Singh stipulated that ThoughtSpot wants to provide the analytics "last mile" for its customers, and whatever it needed to do to make that happen, it would. Chang, from his vantage point of corporate development, explained that ThoughtSpot would leverage "external innovation" to do this, but that includes partnerships as well as M&A.
Without contradicting his colleagues, Gardiner, fresh off his tenure at the aforementioned DataRobot, and the acquisitive Alteryx before that, added a note of caution. He rightly pointed out that buying too many companies, too quickly, creates the risk of accumulating too much technical debt in the product stack. He built on that by stating that integrating companies is much harder than buying them and that on-boarding the right team(s), rather than just the right technology, should be a primary driver of any acquisition.
Future and beyond
ThoughtSpot's Singh said he feels "the company is "2% done," implying that there's lots more to come. With its almost quarter billion dollars in Series E funding last year and formidable array of talent being announced today, ThoughtSpot definitely has resources. But it's going to come down to orchestration, execution and strategy for the company to "do" the remaining 98% and do it well.
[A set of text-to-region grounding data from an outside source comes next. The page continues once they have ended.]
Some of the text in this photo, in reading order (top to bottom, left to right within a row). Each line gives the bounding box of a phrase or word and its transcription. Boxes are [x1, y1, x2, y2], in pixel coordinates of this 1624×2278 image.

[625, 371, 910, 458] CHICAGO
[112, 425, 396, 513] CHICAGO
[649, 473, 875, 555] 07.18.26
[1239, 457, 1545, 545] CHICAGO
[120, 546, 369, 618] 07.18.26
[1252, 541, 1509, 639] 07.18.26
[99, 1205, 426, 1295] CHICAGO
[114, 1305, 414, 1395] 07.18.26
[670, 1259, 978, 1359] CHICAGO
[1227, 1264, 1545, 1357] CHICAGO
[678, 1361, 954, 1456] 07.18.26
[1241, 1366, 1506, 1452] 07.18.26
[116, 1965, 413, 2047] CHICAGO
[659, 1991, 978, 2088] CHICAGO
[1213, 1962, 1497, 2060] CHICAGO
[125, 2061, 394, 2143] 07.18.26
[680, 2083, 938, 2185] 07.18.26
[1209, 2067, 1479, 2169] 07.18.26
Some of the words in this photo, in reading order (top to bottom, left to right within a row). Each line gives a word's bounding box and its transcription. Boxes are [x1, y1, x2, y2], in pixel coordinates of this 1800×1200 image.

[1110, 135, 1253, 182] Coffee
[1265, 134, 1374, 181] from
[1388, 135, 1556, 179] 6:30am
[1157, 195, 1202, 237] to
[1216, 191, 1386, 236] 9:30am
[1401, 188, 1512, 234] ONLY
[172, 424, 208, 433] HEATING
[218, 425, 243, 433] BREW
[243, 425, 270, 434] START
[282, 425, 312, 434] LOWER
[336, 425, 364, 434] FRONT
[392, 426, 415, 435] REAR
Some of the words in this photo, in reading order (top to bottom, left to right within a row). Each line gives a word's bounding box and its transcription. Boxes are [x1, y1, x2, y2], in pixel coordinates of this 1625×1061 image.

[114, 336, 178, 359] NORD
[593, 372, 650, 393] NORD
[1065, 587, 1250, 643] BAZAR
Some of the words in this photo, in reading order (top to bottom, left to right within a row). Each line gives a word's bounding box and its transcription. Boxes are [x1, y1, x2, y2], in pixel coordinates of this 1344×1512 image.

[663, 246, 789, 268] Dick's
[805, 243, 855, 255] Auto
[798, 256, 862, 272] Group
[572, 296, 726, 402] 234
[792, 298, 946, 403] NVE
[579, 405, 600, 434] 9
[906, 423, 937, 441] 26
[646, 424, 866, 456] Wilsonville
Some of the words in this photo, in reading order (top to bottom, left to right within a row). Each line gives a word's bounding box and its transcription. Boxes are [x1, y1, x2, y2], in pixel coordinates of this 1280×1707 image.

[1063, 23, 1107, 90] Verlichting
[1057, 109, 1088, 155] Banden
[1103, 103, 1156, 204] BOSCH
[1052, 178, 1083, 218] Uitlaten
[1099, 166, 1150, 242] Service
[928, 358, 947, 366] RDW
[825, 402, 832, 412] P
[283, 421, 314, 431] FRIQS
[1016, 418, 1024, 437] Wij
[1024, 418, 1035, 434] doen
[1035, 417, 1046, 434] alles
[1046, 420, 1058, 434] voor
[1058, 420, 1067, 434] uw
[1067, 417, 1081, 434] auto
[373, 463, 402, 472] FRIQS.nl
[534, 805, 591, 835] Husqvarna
The analytics space is at a crossroads. The public cloud juggernauts have their own data warehouse, analytics and BI solutions on offer. The glut of independent companies resulting from an (over-?) abundance of VC capital makes for a very fragmented analytics stack and adds significant difficulty for the companies with merit to succeed. The industry has a not-great track record in actually helping their customers attain true success with analytics, rather than just wowing them with features and pressuring them with digital transformation ghost stories.
Any independent analytics company that wants continued success and traction needs to help fix this state of affairs. Hopefully, with such ample resources at its disposal, ThoughtSpot can do that, and set an example for its peers and competitors.